Start Saving In Your 20’s

Most employers match 401k contributions, which is basically free money for retirement. If you have access to a benefit like this, begin contributing to your account as soon as possible. You can also consider opening a Roth IRA. This allows you to contribute money to a retirement fund that is not taxable when you take it out.

If you start investing early enough, you can save nearly $1 million by the time you’re 67 years old just by putting in $14 a day.

Use Your 30’s To Invest In Yourself

When you’re in your 30’s, you begin to have more money to invest, but still have a long road ahead of you before you retire. Because of this, use your 30s to aggressively invest in the stock funds and some bonds.

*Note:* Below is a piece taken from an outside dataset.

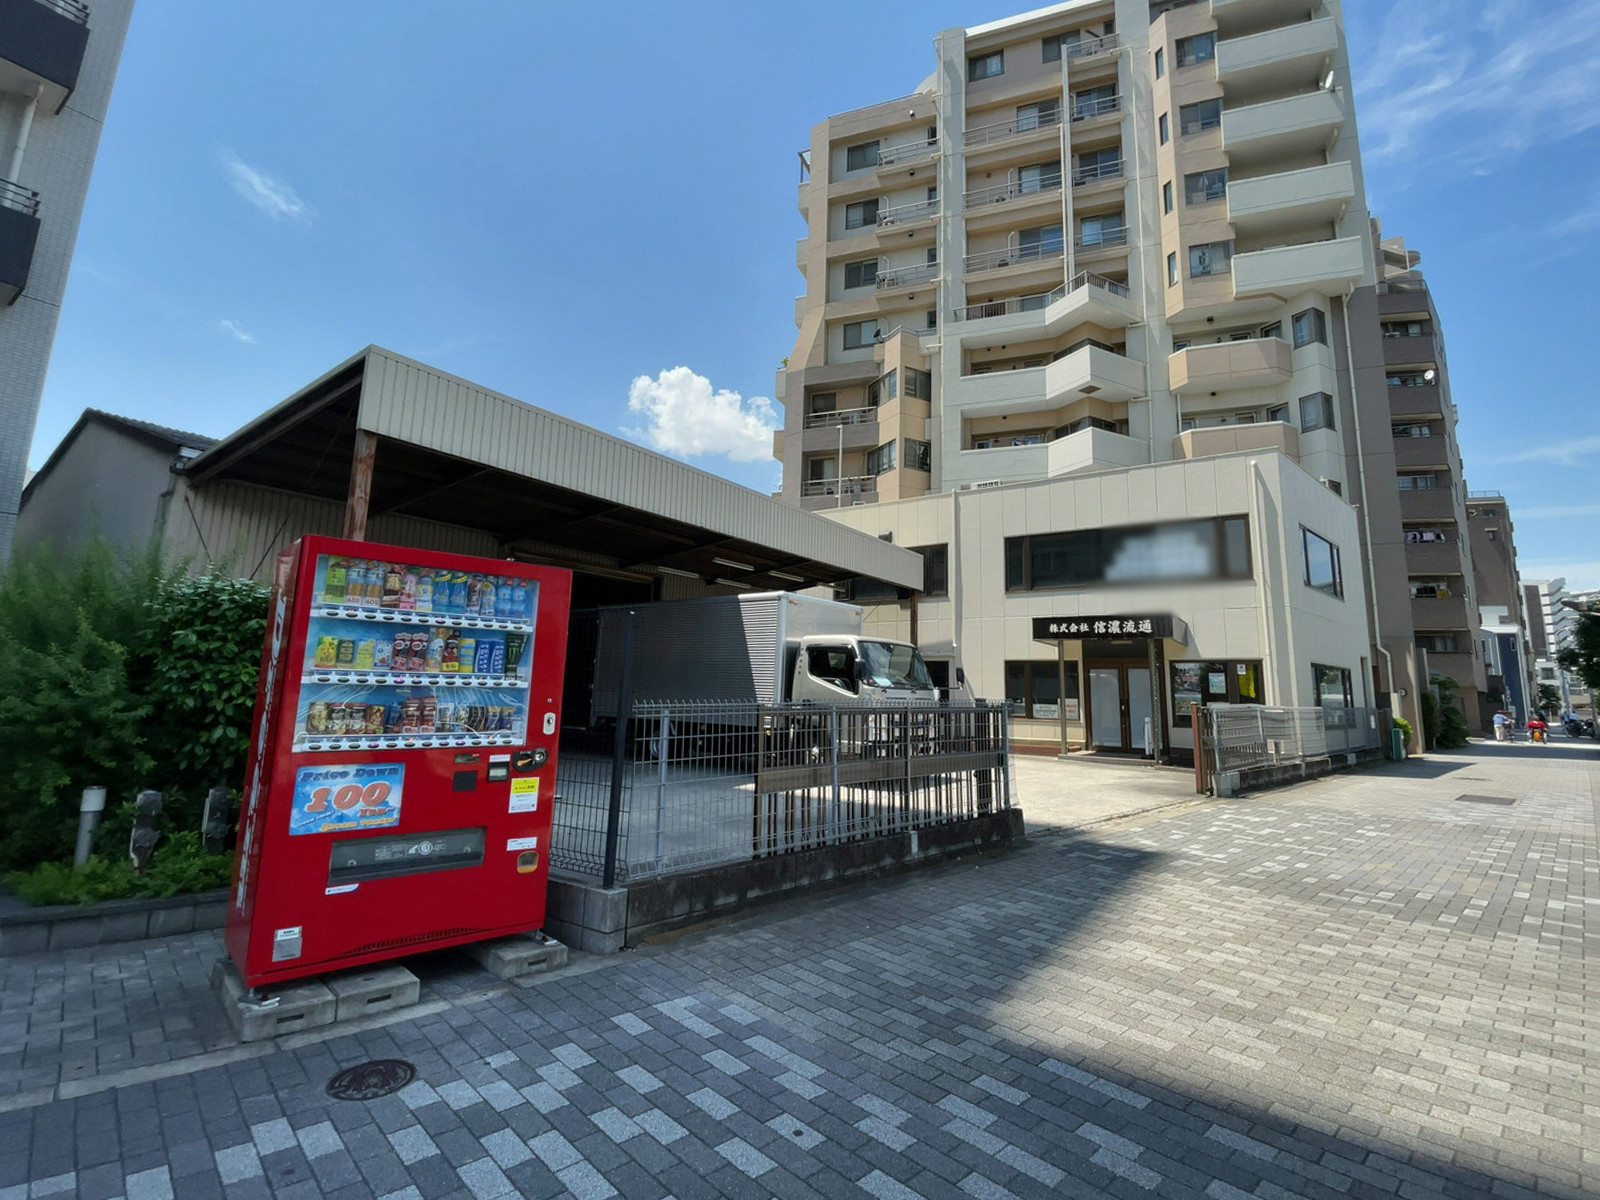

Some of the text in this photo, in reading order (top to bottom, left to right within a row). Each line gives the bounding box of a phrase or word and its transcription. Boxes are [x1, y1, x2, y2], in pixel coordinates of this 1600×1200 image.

[1049, 620, 1152, 633] 株式会社 信濃流通
[300, 767, 399, 782] Price Down
[305, 782, 392, 812] 100

Investing in bonds allows for more stability, but the return isn’t nearly as great as it is with stocks investments.

In addition, by your 30’s, it is time to start investing in real estate if you haven’t already. If you’re starting to settle down, you should be buying instead of renting. Your 30’s can also be a great time to invest in higher degrees if it helps you reach a higher salary. A higher salary means you can invest more, which means greater returns when it’s time for retirement.

ocus on Asset Allocation In Your 40’s

When you reach your 40’s, it’s time to start focusing on how you are allocating your money into different investments.

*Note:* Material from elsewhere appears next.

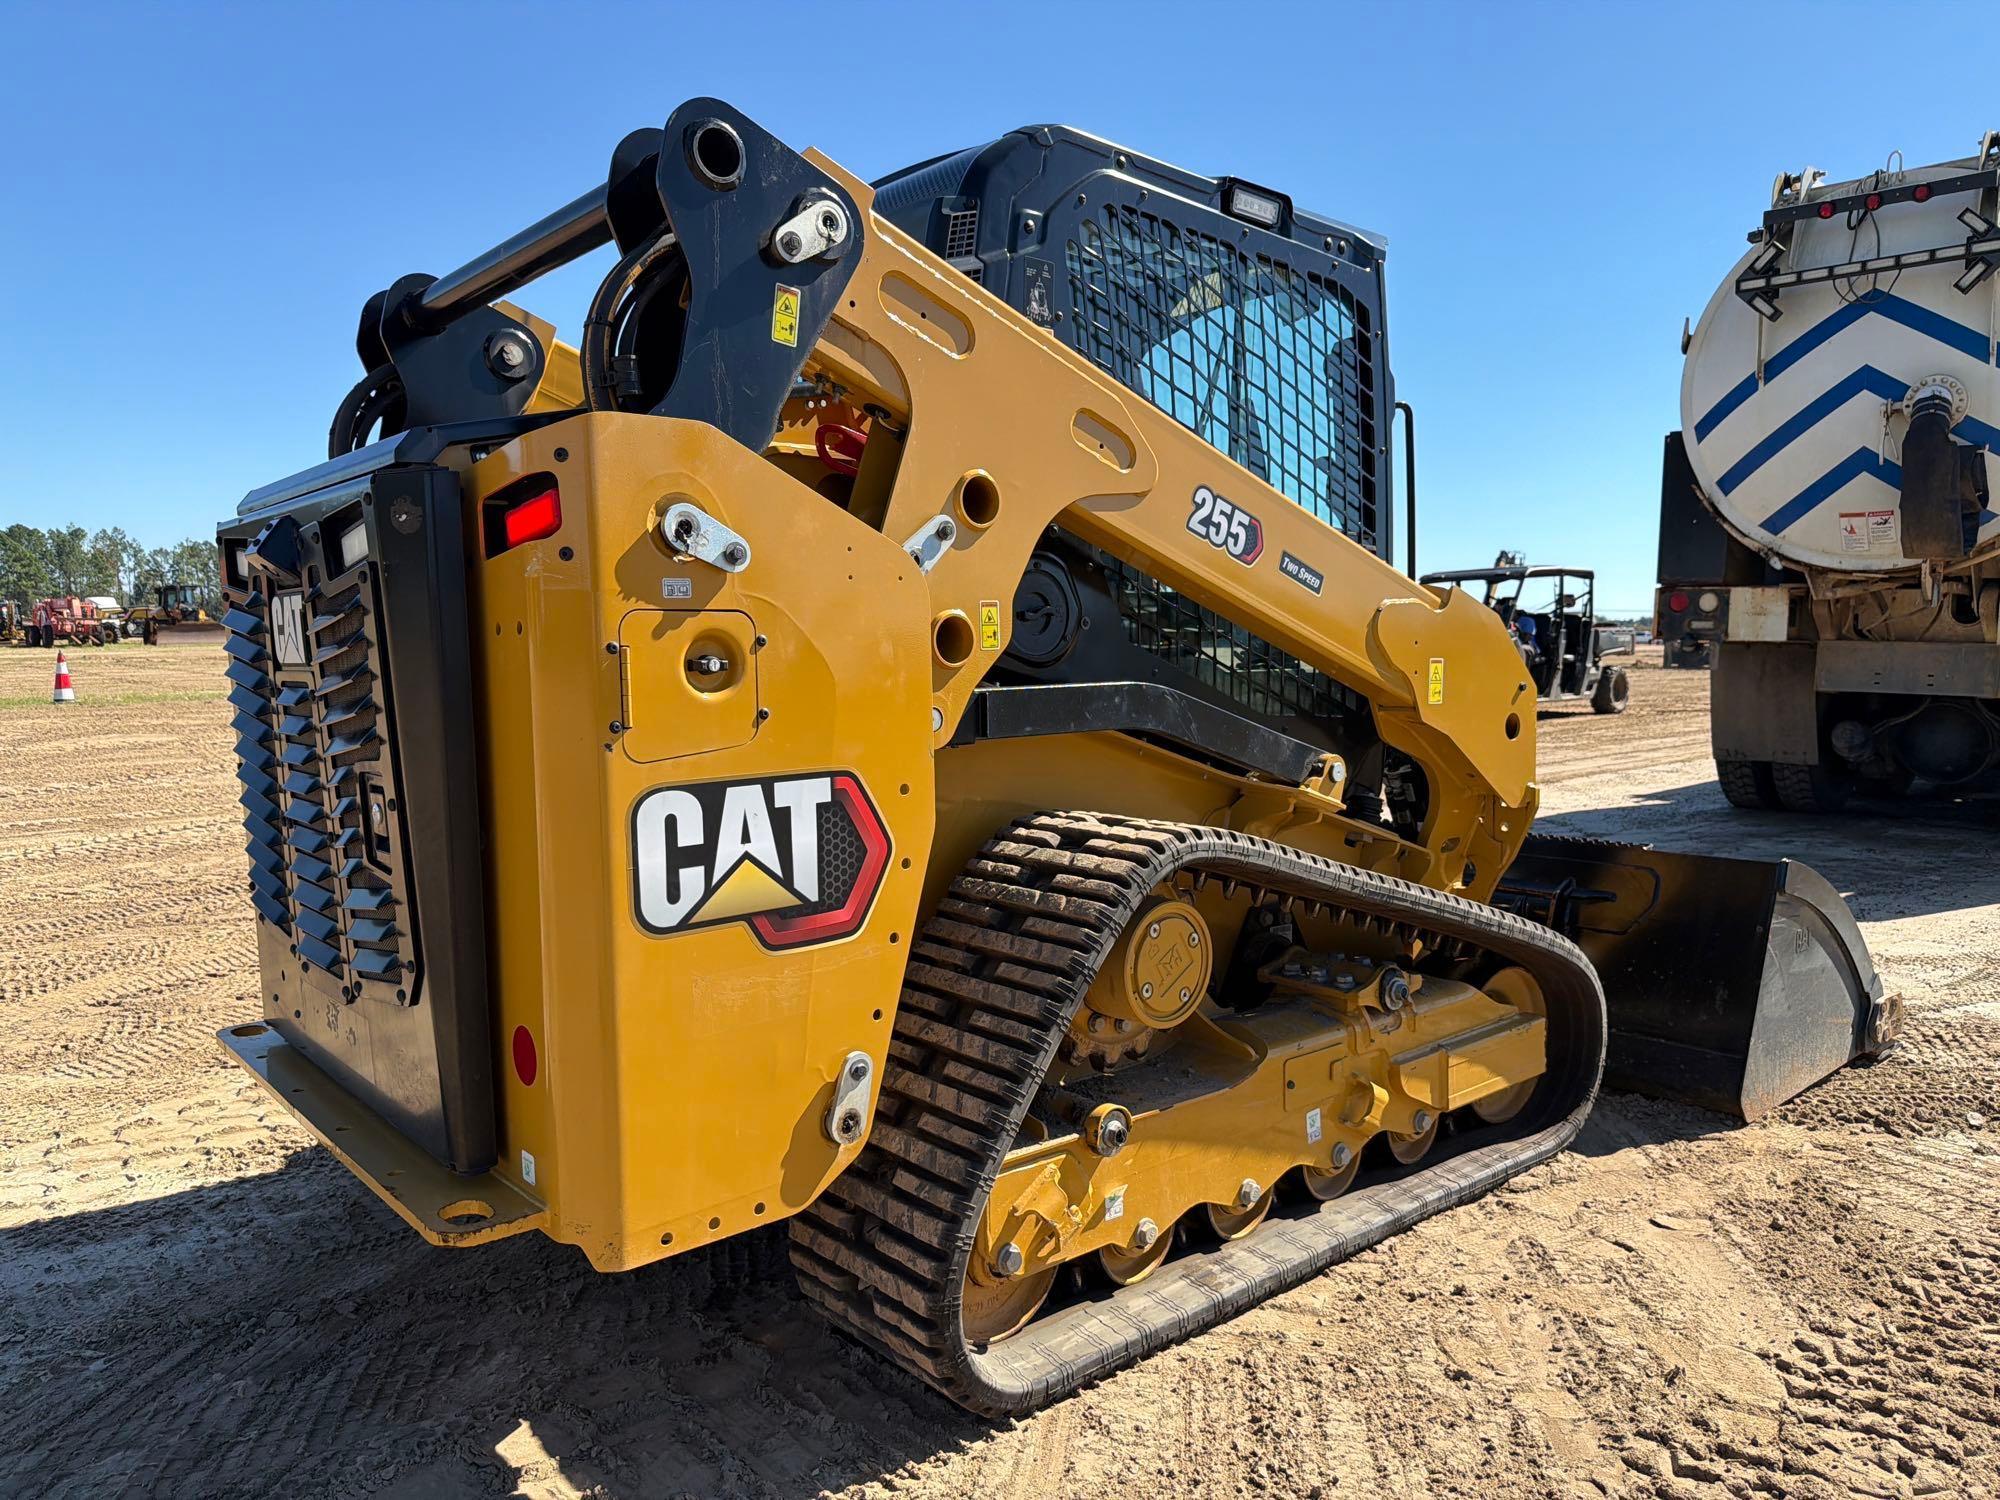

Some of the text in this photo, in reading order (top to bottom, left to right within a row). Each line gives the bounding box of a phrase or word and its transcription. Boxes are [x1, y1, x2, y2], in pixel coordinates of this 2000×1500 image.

[1188, 488, 1250, 555] 255
[271, 594, 306, 664] CAT
[636, 777, 832, 928] CAT

That means that now is the time to lean toward bonds and fixed investments than ever before. A conservative allocation of stocks to bonds is 60% and 40%. If you are open to more risk, go with a 70% to 80% ratio.

Refine Your Investments In Your 50’s

As you get closer to your retirement age, it’s important to take a deep look at your financial situation and where it might stand at the time of retirement. Based on what you project, your investments in your 50’s will vary.

If you feel like you are on the right path to a comfortable retirement, keep your plan going as it is and then dial back on risky investments like stocks. You can increase your allocation to bond funds and look into real estate investment trusts (REITs) with higher dividend payments.

Tips That Apply To Any Stage Of Life

Each person’s financial and employment situation will determine the best investment plan. However, there are a few things everyone should consider no matter where they are in life.

Every time you get a raise, use that as an opportunity to increase the amount you are contributing to your investments or savings account each month.

In addition, almost everyone at any age could benefit from utilizing a financial advisor to learn how best to manage their funds.